James Meikle, health correspondent
Guardian. Wednesday May 29, 2002
www.guardian.co.uk
Britons' secrecy and embarrassment over
sex helps explain the failure to control the high level of births among
teenagers, a United Nations report suggested yesterday.
The US is the only developed nation with
a higher proportion of teenage mothers than the UK but both are failing to
prepare young people for the world they are growing up in, with its
increasing number of sexual images in the media.
Contraceptive advice and services might
be formally available in Britain, but as one teenager told Tony Blair's
social exclusion unit: "It seems as if sex is compulsory but
contraception is illegal."
The report, compiled by Unicef's
Innocenti research centre, in Florence, Italy, is a boost for those who
argue too little rather than too much sex education lies behind Britain's
failure to deal with the social problems that face poorly-educated young
mothers.
Figures in the report revealed that in
1998 16.6 births per 1,000 women in the UK were to women aged 15-17 and
51.8 per 1,000 were to 18-19-year-olds.
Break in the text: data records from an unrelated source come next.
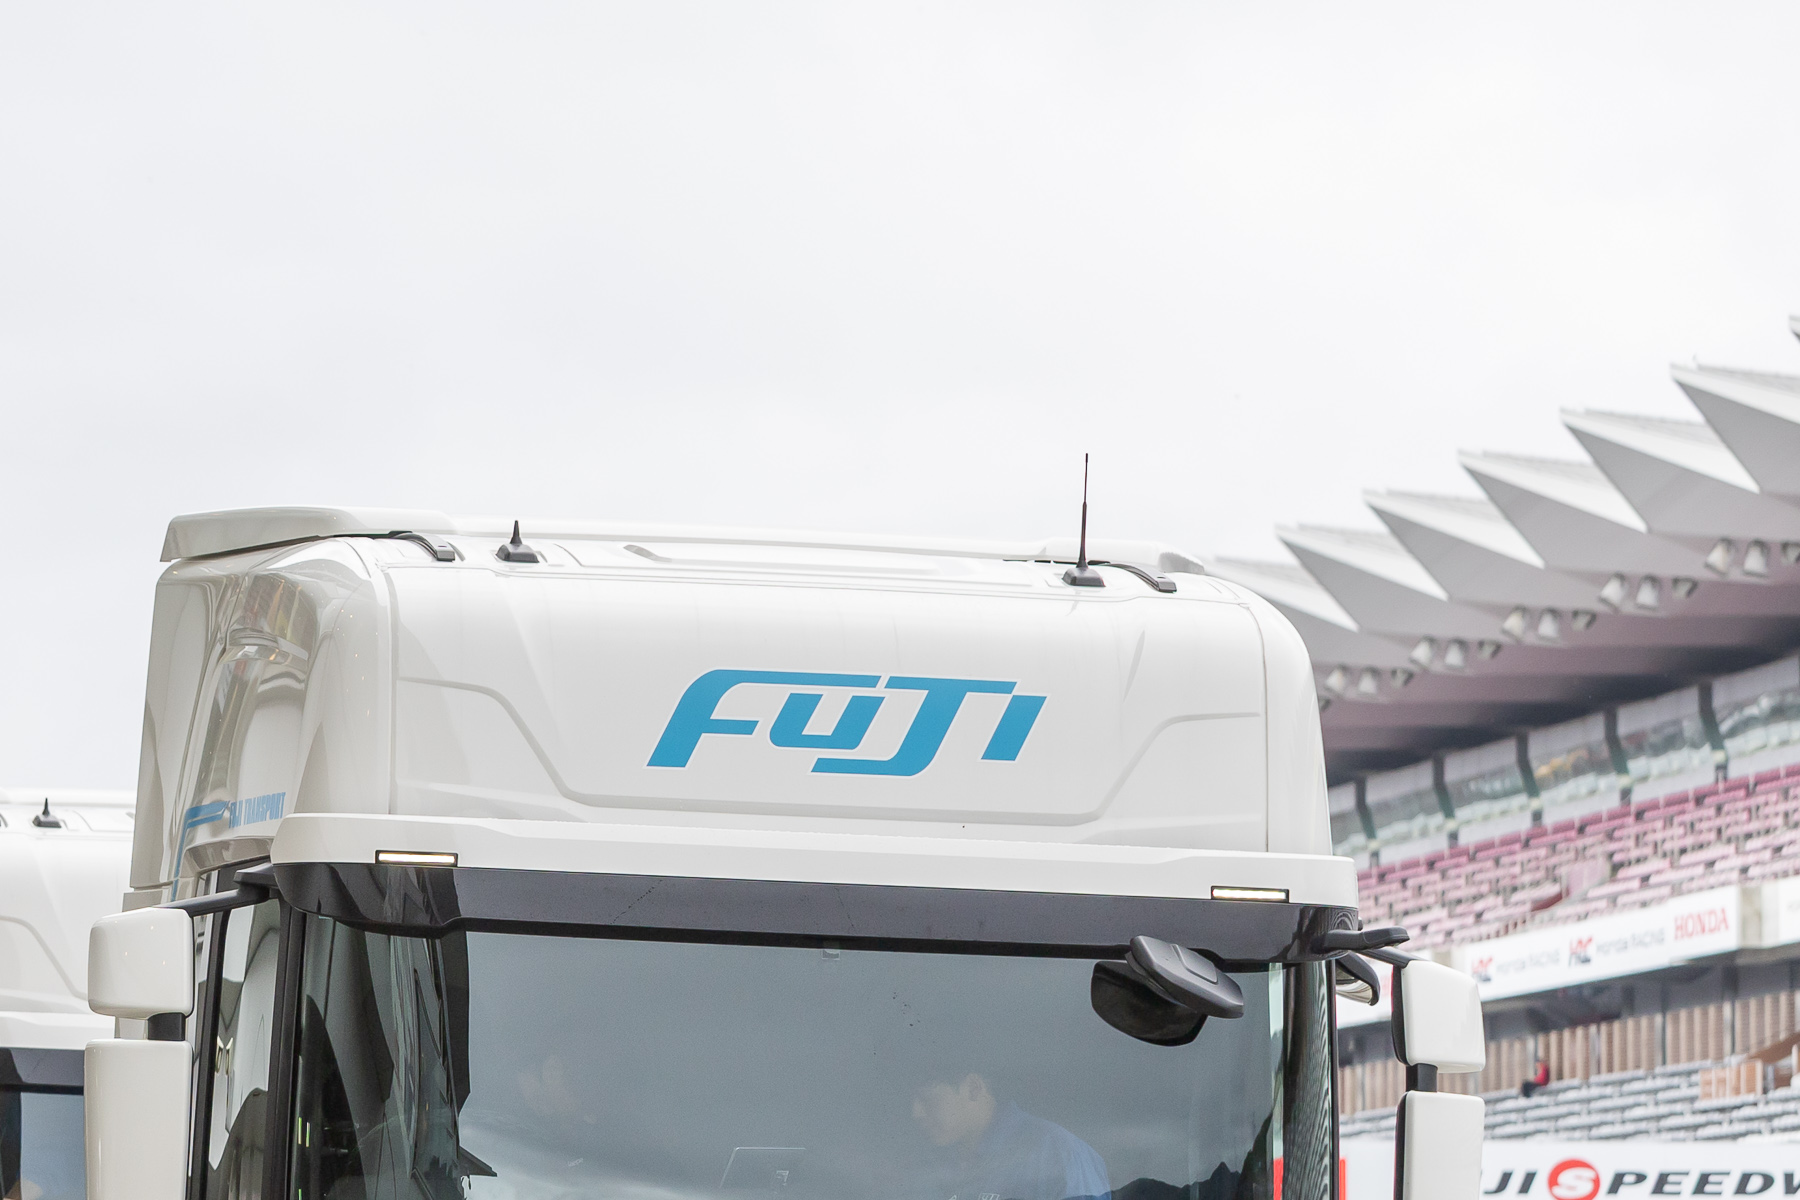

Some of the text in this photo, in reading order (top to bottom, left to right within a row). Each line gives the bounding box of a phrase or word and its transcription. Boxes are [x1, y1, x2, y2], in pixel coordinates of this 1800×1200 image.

[645, 668, 1049, 778] FUJI
[1674, 907, 1729, 941] HONDA
[1481, 1171, 1538, 1195] JI
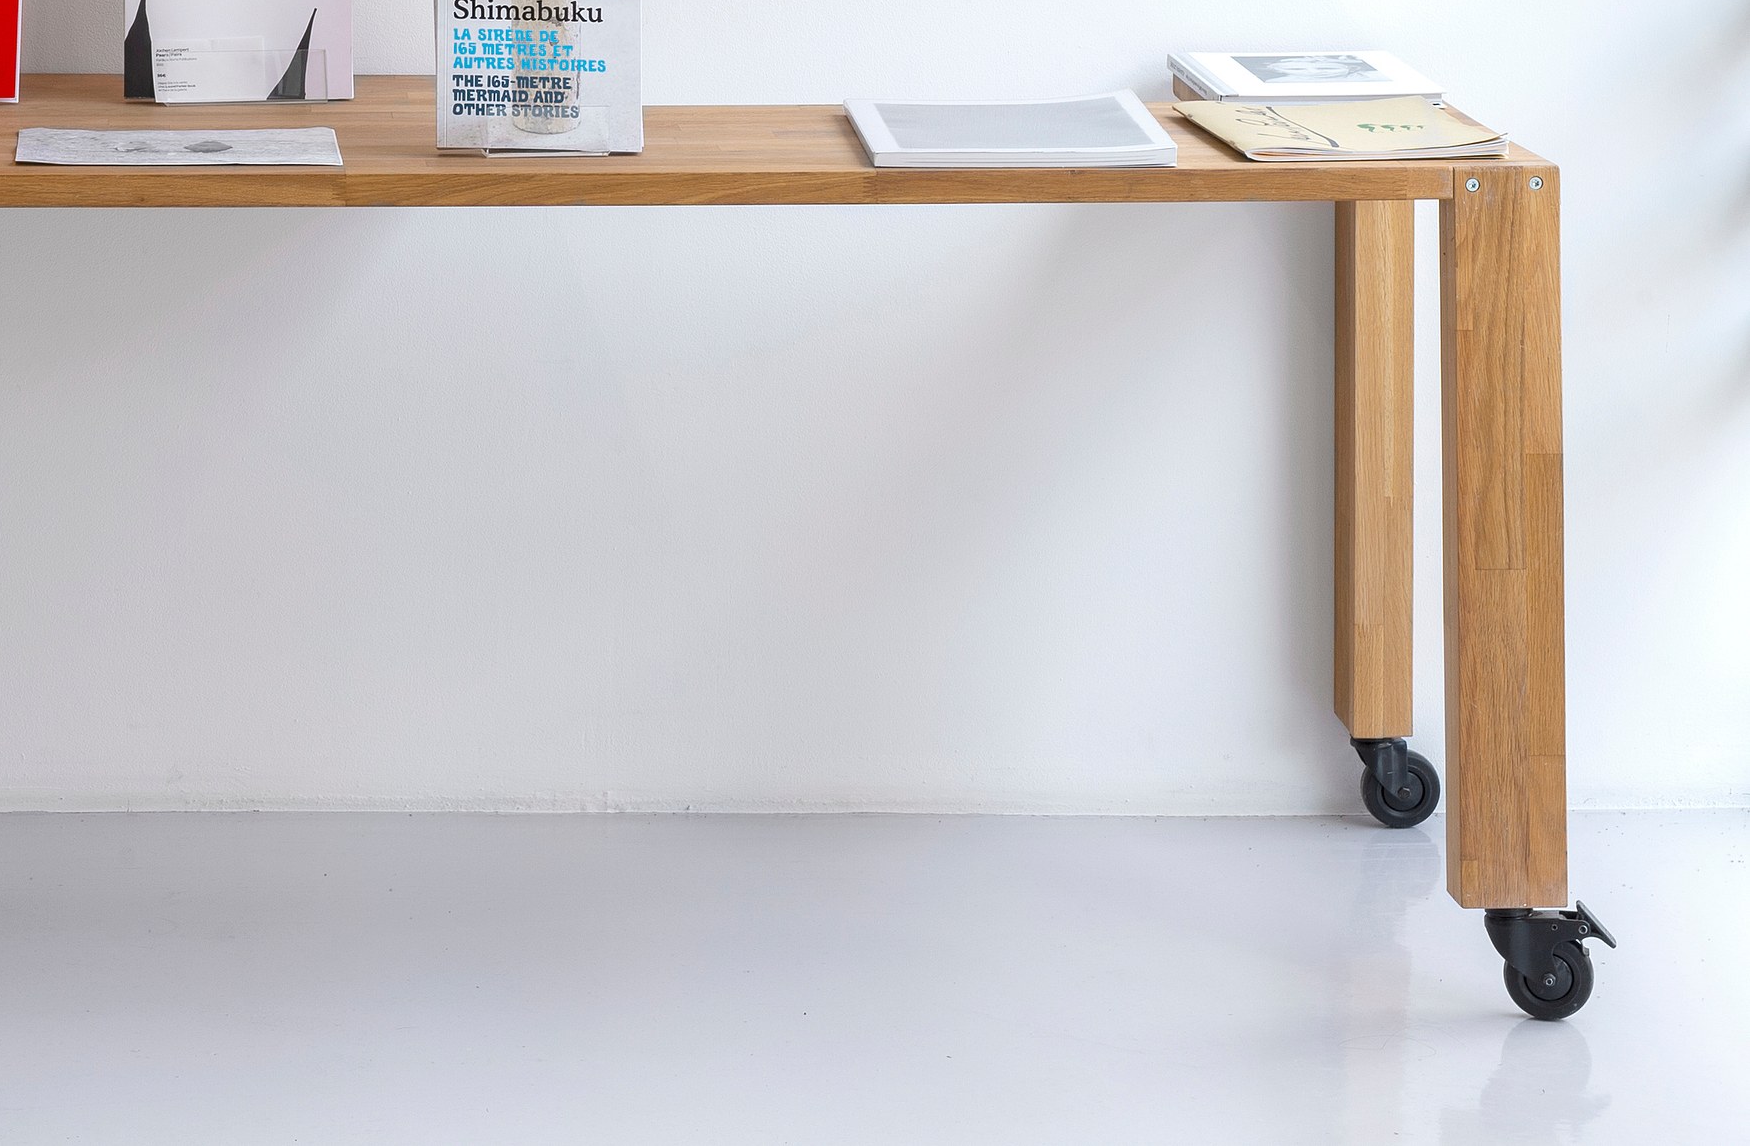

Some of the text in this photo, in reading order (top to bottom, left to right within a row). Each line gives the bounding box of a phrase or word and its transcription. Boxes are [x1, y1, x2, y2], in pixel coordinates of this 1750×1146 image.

[453, 26, 559, 42] LA SIRÈNE DE
[453, 42, 476, 54] 165
[553, 45, 574, 57] ET
[453, 56, 606, 72] AUTRES HISTOIRES
[452, 74, 572, 90] THE 165-METRE
[452, 89, 565, 104] MERMAID AND
[452, 103, 580, 119] OTHER STORIES
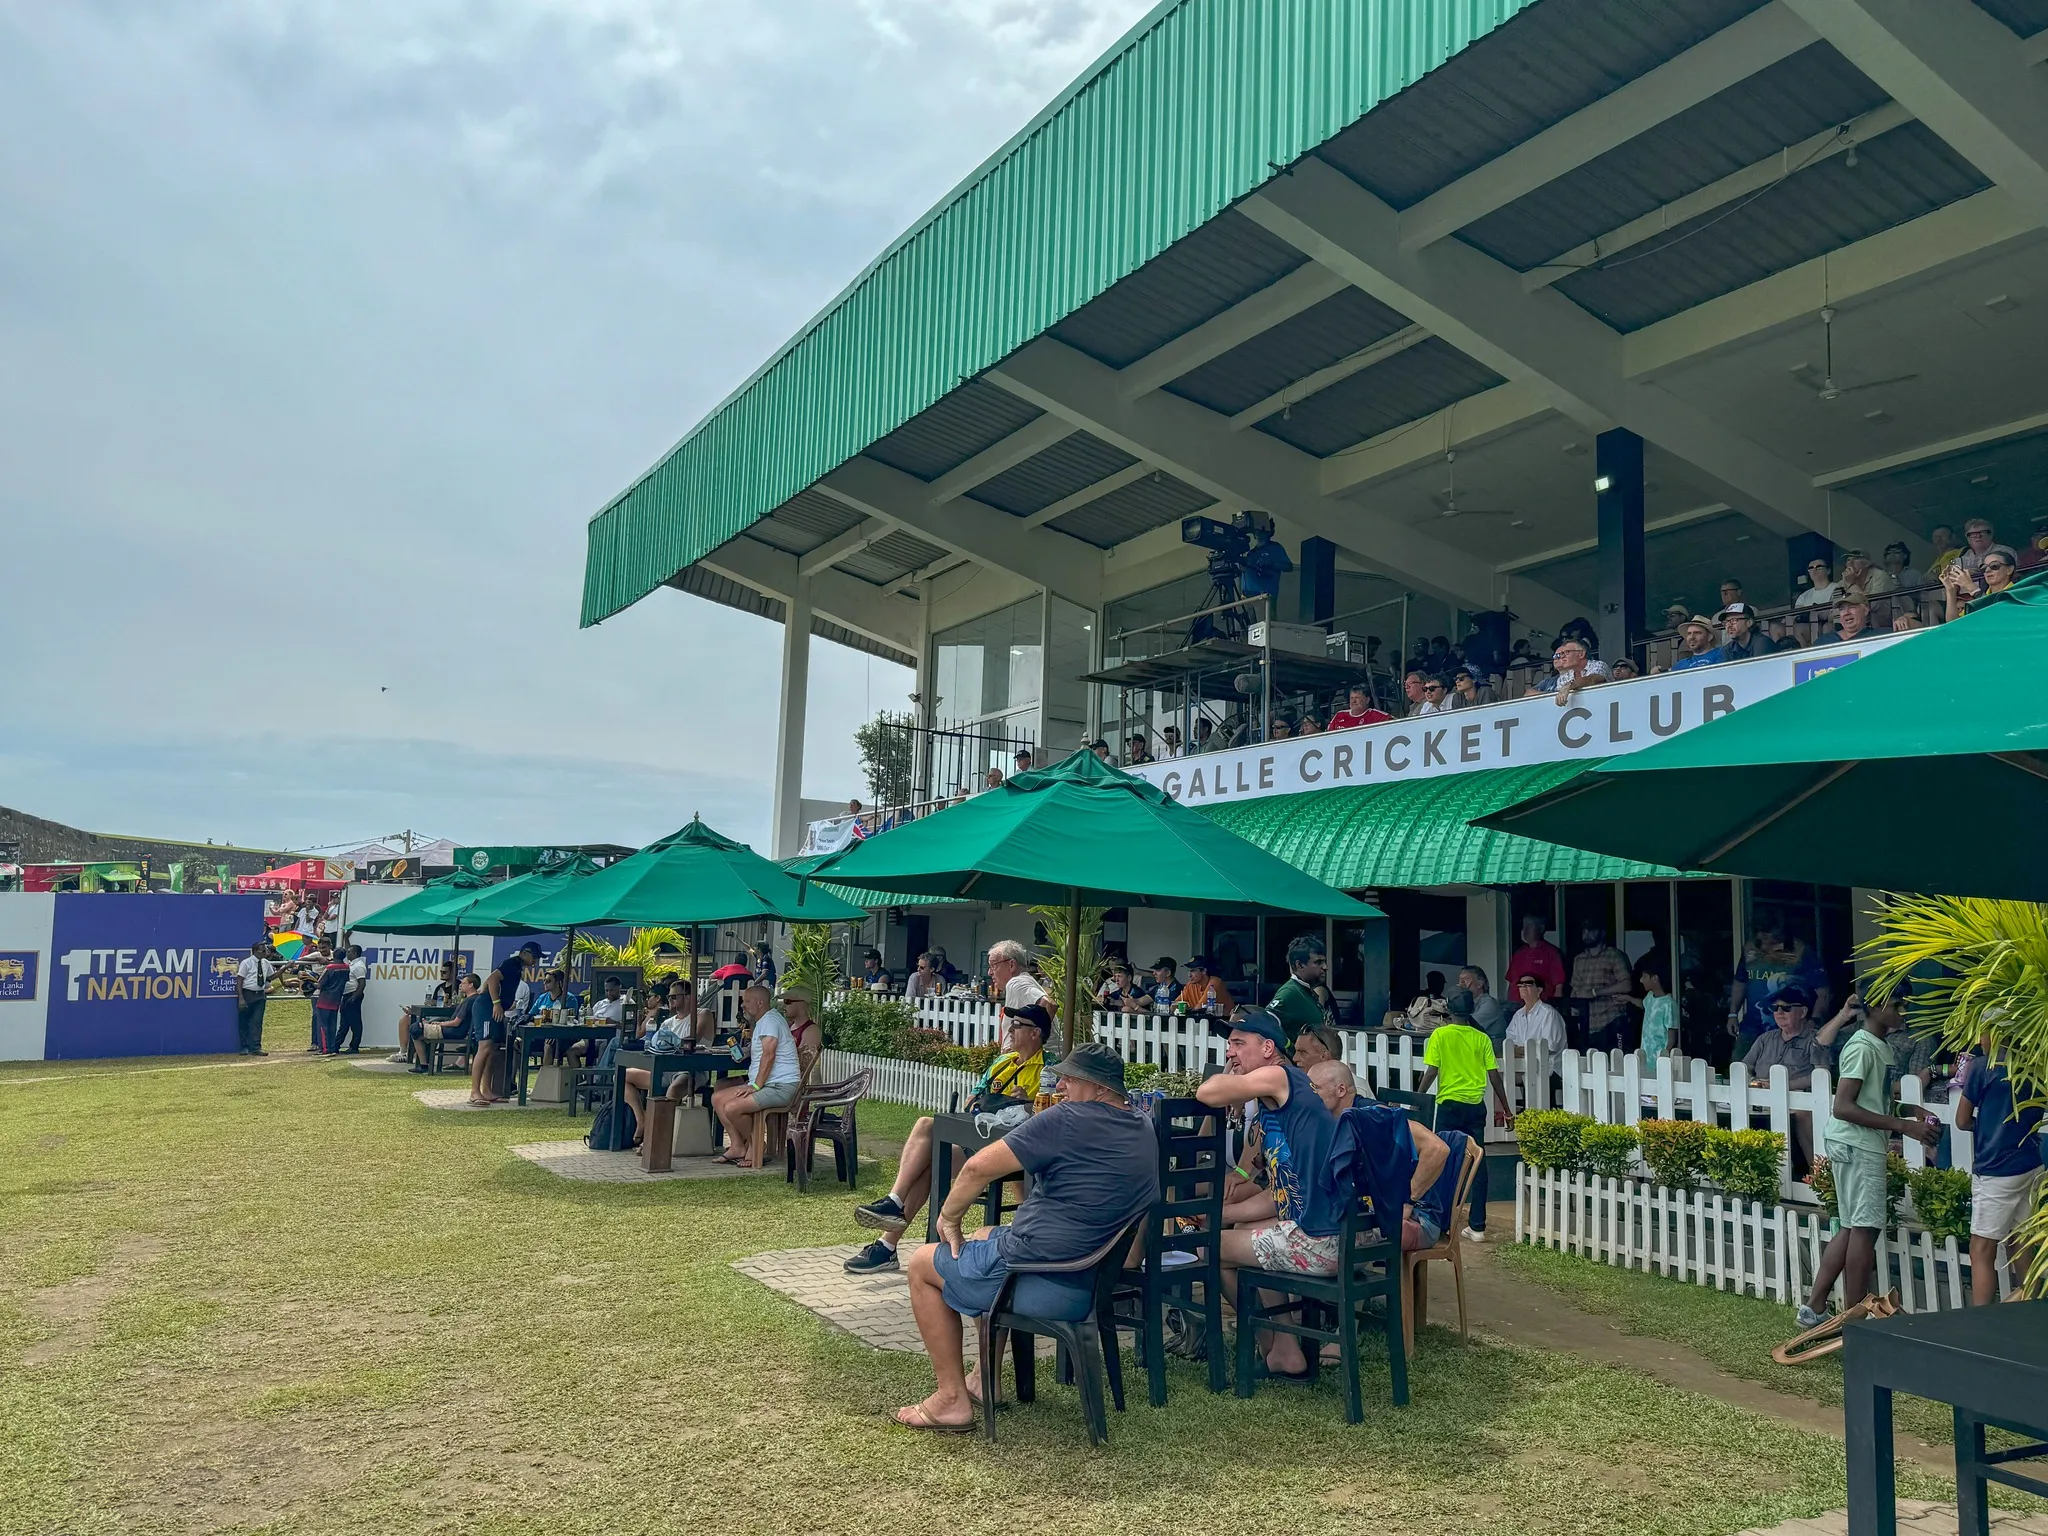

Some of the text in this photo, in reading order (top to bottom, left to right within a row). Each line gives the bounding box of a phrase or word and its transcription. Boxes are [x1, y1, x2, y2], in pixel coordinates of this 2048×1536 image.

[1162, 684, 1736, 801] GALLE CRICKET CLUB
[379, 948, 440, 964] TEAM
[61, 948, 195, 1001] 1 TEAM
[375, 965, 439, 981] NATION
[87, 975, 193, 1001] NATION
[208, 978, 219, 986] Sri
[211, 984, 236, 992] Cricket
Only the US, with 30.4 births per
1,000 and 82 per 1,000 respectively, had higher rates. The British rate
for the younger group was 10 times that for Japan but also nearly eight
times more than in Sweden and the Netherlands, where there is a more open
attitude towards sex.
Only 50% of Britain's under-16s used
contraceptives during their first experience of sex.
Research for the Unicef report by the
Institute for Social and Economic Research at Essex University suggested
that British women who had their first child under 20 were twice as likely
to be without a partner in their 30s than women who gave birth for the
first time in their 20s. The former teenage mothers were also three times
more likely to be in a home where neither they nor a partner was working.
The Dutch example of a low teenage birth
rate indicates that sex can be discussed before "barriers of
embarrassment can be raised and before sex education can be interpreted as
sending a signal that the time has come to start having sex."
But countries like New Zealand, Britain
and the US have more of a rich/poor divide and relatively fewer teenagers
in higher education.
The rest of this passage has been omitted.